Tractography enables us to reconstruct white matter (wm) fibre bundles from MRI, providing crucial insights into anatomical structures. It has become essential for planning and risk stratification in neurosurgery. Peritumoral tractography is challenging due to arising edema, demyelination and infiltration, yet vital in patients with gliomas in the left perisylvian area, possibly causing aphasia. Several deterministic and probabilistic algorithms have been developed, that model wm based on tensors (DTI) or spherical harmonic functions (CSD). Here we compared tractograms derived by common algorithms, examining how they differ in patients with perisylvian gliomas.
We included n=62 presurgical patients with left perisylvian gliomas (24 females, 38 males, average age=53,5±15.4, age range 21–83). All were right-handed and had an initial diagnosis of supratentorial, unilateral WHO grade II (6), III (20), or IV (36) glioma.
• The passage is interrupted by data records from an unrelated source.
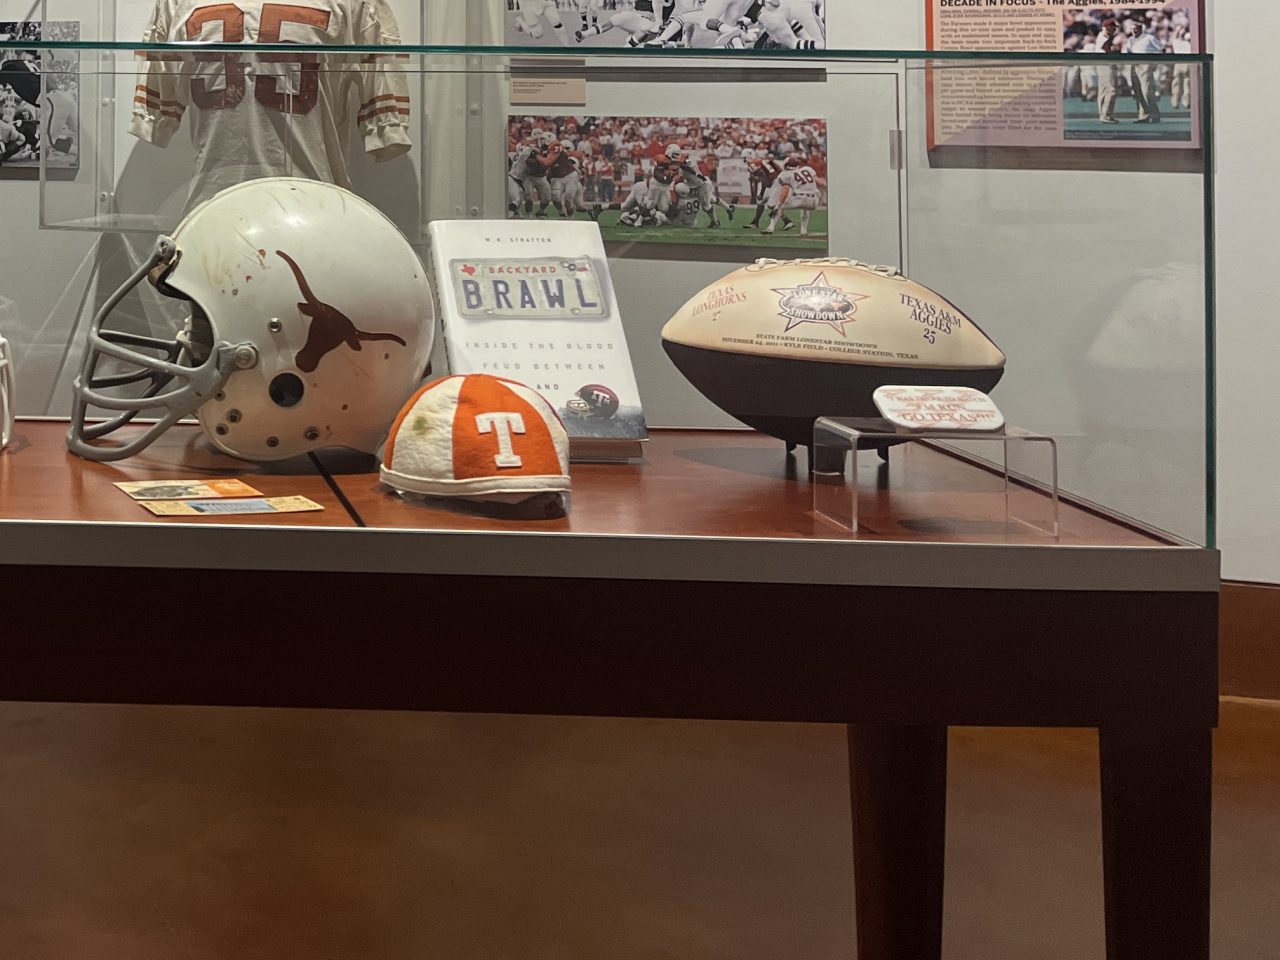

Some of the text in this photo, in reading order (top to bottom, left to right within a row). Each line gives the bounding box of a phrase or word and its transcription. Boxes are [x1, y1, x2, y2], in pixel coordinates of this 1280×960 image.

[185, 2, 332, 117] 35
[488, 265, 557, 274] BACKYARD
[462, 279, 598, 310] BRAWL
[692, 291, 748, 317] LONGHORNS
[899, 293, 962, 329] TEXAS A&M
[789, 308, 845, 321] SHOWDOWN
[909, 308, 952, 335] AGGIES
[923, 327, 936, 345] 25
[465, 342, 614, 350] INSIDE THE BLOOD
[829, 346, 861, 355] COLLEGE
[482, 362, 521, 370] FEUD
[536, 383, 560, 391] AND
[475, 411, 526, 468] T
We derived the language relevant tractograms, AF, IFOF, ILF and UF, on both hemispheres employing DTI- (tensor_det, tensor_prob) and CSD-based (SD_stream, iFOD2) algorithms via TractSeg. We compared the results by streamline length, volume and dice scores.
DTI- and CSD-algorithms failed in 16% and 13% peritumorally, respectively, and in 2% and 0% on the healthy hemisphere. Streamlines in the pathologic side were significantly 3% shorter and tract volumes 10% smaller than on the healthy one for all algorithms. Tract volumes vary a lot for different algorithms, but their ratios are similar in both healthy and pathologic hemisphere. Using the largest volumes generated by iFOD2 as reference, we find the ratios 0.47, 0.33 and 0.28 for SD_stream, tensor_prob and tensor_det, respectively. The dice scores for the pathological side revealed that DTI tractograms are more similar (0.85±0.10) than CSD-based ones (0.51±0.10). iFOD2 tracts differ substantially from tensor_det tracts (0.38±0.10).
Tractograms generated by different algorithms vary in size and shape. These variations are similar in healthy and pathological hemispheres. CSD-based algorithms are less likely to fail and, thus, are useful in neurosurgical practice. Since DTI-based algorithms tend to underestimate and iFOD2 to overestimate tracts, integrating both in clinical practice may offer more precise results, finding a middle ground.